3. The almost complete decimation of the travel sector and airlines and its flow-on effects to banks, equities and hedge funds, most notably the $50 billion loss by legendary investor Warren Buffet’s Berkshire Hathaway. The Boeing 737 Max fiasco, aircraft order cancellations, sky-high government financial support and airline bankruptcies presage a global restructuring of airline travel and aircraft manufacturing.
4. Historic unemployment numbers which have rocketed from the official 3% to over 15% in a mere eight weeks exposed the fragility of Donald Trump’s “best economy ever” hyperbole. One immediate effect is that US poverty levels could rise from 14.7% to reach 18.9%.
In China, however, financial markets and the Yuan have demonstrated remarkable stability. Of course, China was the first to be exposed to the devastating effects of COVID-19. Unlike the EU, US and Japan, it is emerging relatively quickly from its successful containment of the Coronavirus. China has been preparing for a major shock to its economy since president Xi Jinping referenced a ‘New Long March’ in 2019 referencing US bipartisan demonization of China and the Trump administration’s visceral pursuit of financial and technological impediments to China’s economic growth. Gradually, municipal and provincial authorities are opening social and retail activity and domestic travel, while Beijing is stimulating domestic consumer demand, deepening reform and opening up and supporting BRI partner projects and production capacities.
The upcoming Two Sessions will provide long-term guidance on the Chinese government’s continuing responses to the unprecedented 6.8% GDP decline of Q1 2020 and how China can leverage its status as the first major economy to emerge from the pandemic. Current stimulus packages are focused on supporting capital investment into future drivers of the economy such as 5G and IoT, tele-health, cashless economy and accelerating the transition of hundreds of SOE’s into mixed ownership. However, as the ongoing Phase 1 trade arrangements, Huawei fiasco, entity list expansion, journalist visa restrictions and other politically motivated trade and technology threats demonstrate, the Trump administration is not only becoming increasingly desperate in the lead up to the November 2020 presidential election, but also pursuing a decoupling of its economy from global supply chains in order to further prosecute its ‘whole of government’ strategy to reverse the ‘loss of China.’

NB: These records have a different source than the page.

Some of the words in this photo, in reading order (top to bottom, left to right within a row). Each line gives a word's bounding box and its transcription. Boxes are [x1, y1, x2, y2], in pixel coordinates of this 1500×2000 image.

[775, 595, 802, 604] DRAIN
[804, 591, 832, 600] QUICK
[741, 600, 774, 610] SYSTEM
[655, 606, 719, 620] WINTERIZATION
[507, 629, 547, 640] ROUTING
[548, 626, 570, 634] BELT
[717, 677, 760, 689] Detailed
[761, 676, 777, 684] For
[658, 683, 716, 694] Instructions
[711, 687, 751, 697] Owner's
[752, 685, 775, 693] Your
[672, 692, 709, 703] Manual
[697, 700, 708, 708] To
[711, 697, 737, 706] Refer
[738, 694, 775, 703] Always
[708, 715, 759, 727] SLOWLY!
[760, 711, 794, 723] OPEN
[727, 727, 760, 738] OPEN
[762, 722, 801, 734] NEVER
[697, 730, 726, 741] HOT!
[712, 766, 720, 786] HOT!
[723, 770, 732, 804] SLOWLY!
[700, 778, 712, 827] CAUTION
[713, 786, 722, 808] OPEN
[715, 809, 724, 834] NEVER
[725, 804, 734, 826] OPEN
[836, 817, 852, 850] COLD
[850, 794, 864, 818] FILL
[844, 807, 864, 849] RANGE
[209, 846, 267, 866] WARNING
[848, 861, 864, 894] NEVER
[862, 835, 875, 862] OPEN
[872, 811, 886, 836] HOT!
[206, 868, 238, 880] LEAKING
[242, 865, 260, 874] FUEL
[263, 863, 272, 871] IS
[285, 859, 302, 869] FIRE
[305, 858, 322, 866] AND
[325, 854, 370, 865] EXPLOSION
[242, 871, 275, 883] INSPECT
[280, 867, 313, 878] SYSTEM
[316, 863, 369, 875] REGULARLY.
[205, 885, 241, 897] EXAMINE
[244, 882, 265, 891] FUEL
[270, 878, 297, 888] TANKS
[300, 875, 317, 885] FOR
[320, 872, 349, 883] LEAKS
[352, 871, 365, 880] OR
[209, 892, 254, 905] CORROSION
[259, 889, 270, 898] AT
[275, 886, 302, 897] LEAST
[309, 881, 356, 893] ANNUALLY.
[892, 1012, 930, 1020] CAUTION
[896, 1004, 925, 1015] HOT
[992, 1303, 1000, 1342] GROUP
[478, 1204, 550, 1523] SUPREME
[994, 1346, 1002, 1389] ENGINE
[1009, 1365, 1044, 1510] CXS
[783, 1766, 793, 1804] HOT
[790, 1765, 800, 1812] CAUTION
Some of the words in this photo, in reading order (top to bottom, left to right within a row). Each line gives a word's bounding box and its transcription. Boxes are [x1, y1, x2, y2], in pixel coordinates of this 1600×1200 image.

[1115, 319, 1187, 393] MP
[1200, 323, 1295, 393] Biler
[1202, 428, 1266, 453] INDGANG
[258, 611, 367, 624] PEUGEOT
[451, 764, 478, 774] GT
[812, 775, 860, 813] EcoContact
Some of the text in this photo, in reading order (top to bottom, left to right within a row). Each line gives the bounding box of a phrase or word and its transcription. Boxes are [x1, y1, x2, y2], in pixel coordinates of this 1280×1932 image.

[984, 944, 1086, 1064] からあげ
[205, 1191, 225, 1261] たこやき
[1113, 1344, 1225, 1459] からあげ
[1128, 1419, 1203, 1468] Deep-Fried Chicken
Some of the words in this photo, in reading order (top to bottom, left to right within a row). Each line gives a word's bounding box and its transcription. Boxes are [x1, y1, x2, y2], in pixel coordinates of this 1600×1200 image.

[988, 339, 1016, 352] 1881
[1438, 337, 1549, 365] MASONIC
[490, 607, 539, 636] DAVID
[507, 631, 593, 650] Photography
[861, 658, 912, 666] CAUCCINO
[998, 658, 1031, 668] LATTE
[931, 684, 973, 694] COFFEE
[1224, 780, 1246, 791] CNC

Just how the increasingly volatile Trump administration balances a looming election, historic unemployment, a widening gap between the real economy and stock market highs, the deliberate weakening of multilateral organisations, military and political antagonism in the Gulf, Caribbean and Western Pacific and the critical need for cooperation with China on a ‘trade war’ victory, supply chain nationalism and a return to the ‘world’s best ever economy’ is unclear.
The fundamental political, economic and social structural flaws of the US, however, are clearly exacerbated by the Trump administration’s inept economic governance and diplomacy. Increasingly, it is the US economy that relies on China’s economic stability, wealth creation, manufacturing prowess and massive consumer market. In the face of the US response to the global COVID-19 pandemic, the lesson for the EU, ASEAN, Gulf countries, Africa and Latin America is clear; US debt financed domestic growth and the global economic volatility manifested in its unilateral and weaponised approach to global security, trade, financial markets, technology and science are the greatest threats to global prosperity and security.
Note: Digby Wren, Deakin University, is a visiting international relations scholar at Sichuan Normal University, Chengdu, Sichuan, and Soochow University, Taipei, Taiwan. The article represents the author’s own views.